When I think back to Tim Rakuwurlma with our baby, I feel in awe of the generations he embodied.

Extract from Listening to Country by Ros Moriarty
Original full-length version published by Allen & Unwin, Sydney
Condensed version © Reader’s Digest (Australia) Pty Ltd 2011
 


Ros Moriarty’s husband John, whom she married in August 1982, in Melbourne, is a member of the Yanyuwa people of the Gulf of Carpentaria. On their honeymoon they return to John’s home country, Borroloola.

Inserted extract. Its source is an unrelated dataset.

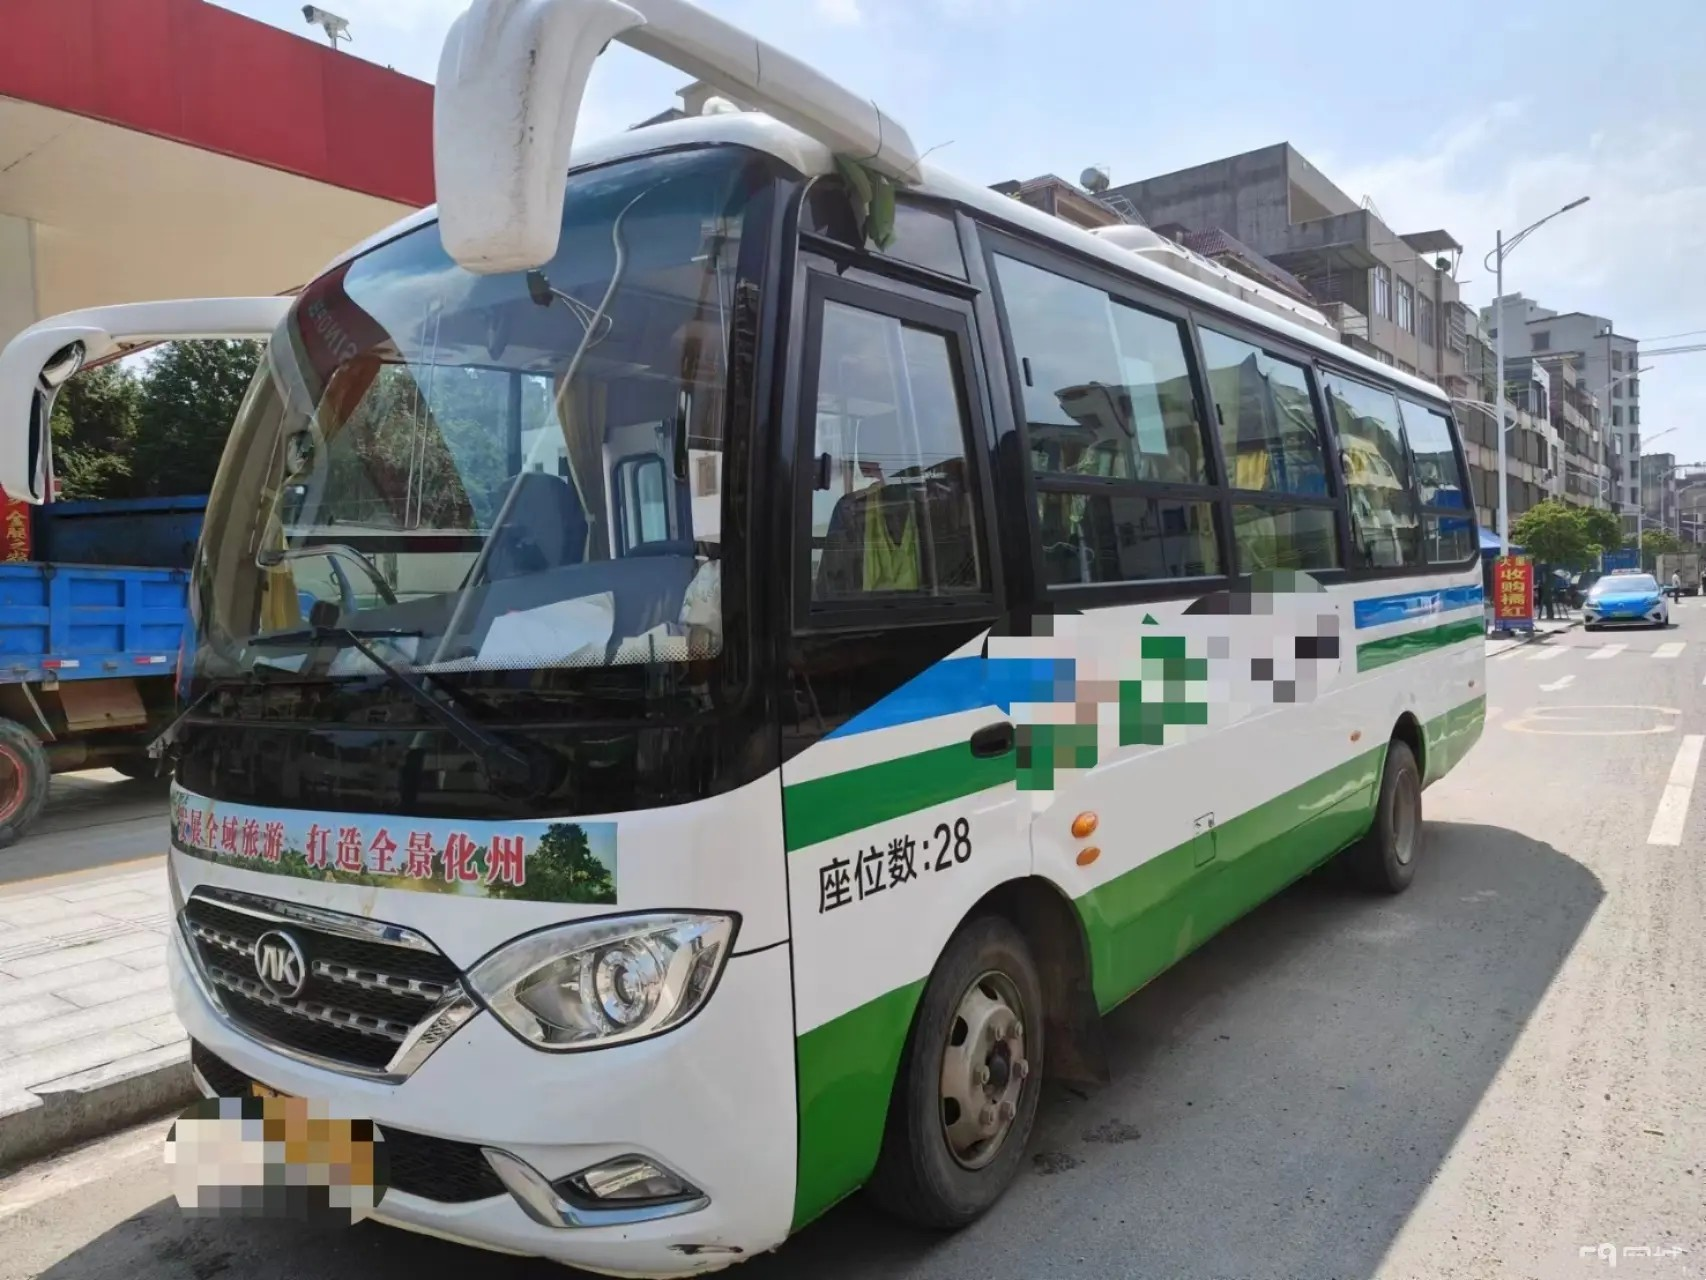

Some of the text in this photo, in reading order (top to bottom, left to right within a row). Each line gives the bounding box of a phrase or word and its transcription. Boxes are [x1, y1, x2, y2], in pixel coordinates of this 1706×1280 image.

I could see a well of knowing in Tim Rakuwurlma. He was over ninety when he named our Tim, and his memory was a chronicle of the twentieth century in the Gulf. He remembered the visits by the Macassans to his family’s islands when he was a small boy at the turn of the century. Long before the British colonised Australia, the Macassans from Sulawesi, Indonesia, came to trade, bringing technologies like the dugout canoe and metal nails for hunting dugong. They set up cooking camps along the coast and on the islands to process the trepang—marine cucumbers—they harvested from coastal mudflats and deeper waters. Sometimes they took Aboriginal men with them on their voyages. Their camps are still marked today by the towering red-wooded tamarind trees they planted, and the stone piles where they hung their trepang boiling pots.
 
For the Yanyuwa, connecting with the Macassans changed their horizons. It began to challenge the way things had been when clans moved from place to place—a few months at one camp, a few weeks at another, returning to the old camp the following year, when the seasons had replenished the place and it was fresh with life once again. Now the stone-lined wells the Macassans dug at their cooking stations provided permanent drinking water and the enticement of a more settled life. Availability of water often dictated the time to move camp. Now the Yanyuwa were able to stay longer in their seasonal places, even into the late Dry, when natural waterholes had dried up and the Macassans had sailed home. Temporary camps became semi-permanent, and while European settlement of southern Australia was more cataclysmic in its demolition of traditional life, in the remote north the Yanyuwa were just as surely seeing the beginning of the end of tens of thousands of years as nomadic wanderers.
 
When I think back to those three days when I watched Tim Rakuwurlma with our baby on his lap, I feel in awe of the generations of spiritual life on the Australian continent he embodied. In the blink of this old man’s lifetime, the secret sacred world of his generation, and all the generations before him, was flickering passively, silently, towards its ending. Late twentieth-century Australia would mark the point of no return.The riches of mind, body and spirit that Aboriginal people had painstakingly nurtured and passed down for thousands of years would fade from memory and practice for ever. The spectre of this passing brought for me confronting questions and an unease about the folly of denial among those of us who embrace an Australia that only began when the British arrived. 
 
It was an understanding that I would come to later. I would be lying if I said that travelling in the Gulf on that first visit was a Utopian revelation. Yet the steady calm and patience of John’s mother and Willie left me wondering. They had no vehicle in which to drive to town for food and, in any case, the scant money of their pension every second Thursday wouldn’t go far at the ludicrously overpriced community store. Kathleen and Willie depended on younger people and families living at their outstation or nearby to share their bush tucker when they could get some—fish, dugong, turtle. When there was food to eat, they ate. When there was none, they drank water and tea and waited. The waiting had its base in traditional life, when elders were respected and cared for, their wisdom and knowledge recognised and valued. But by the early eighties in Borroloola, the system was beginning to disintegrate, drinking was accelerating, and old people often went hungry and cold.
 
As a young wife and mother, the world of my new family was beyond my comprehension. I had seen disadvantage in my research days with the department. Borroloola, though, was a different sort of deprivation. It was as if different rules applied because there were no windows in. Authorities in town seemed unmoved by the endemic sickness and poverty. By the hunger. People’s passive acceptance of it all made it sadder. It was humbling to see the communion and joy of family in the face of it.
 
John’s blending back into the Yanyuwa was seamless. He was in tune with the subtle shifts in the bush around us.
 
The way things smelled, the sounds at dawn and dusk—insects with wings that rubbed softly together, birds that squawked the daylight in, the splash of a particular river fish. John’s uncles Mussolini (Musso) Harvey Bangkarrinu and Leo Finlay Wurrawurra were there that trip. They were the ones who’d taken John back into ceremony when he’d returned to the Gulf almost thirty years after he was taken away. While it is not for women to know, I could imagine the leaders they were at sacred corroborees on moonlit ceremony nights.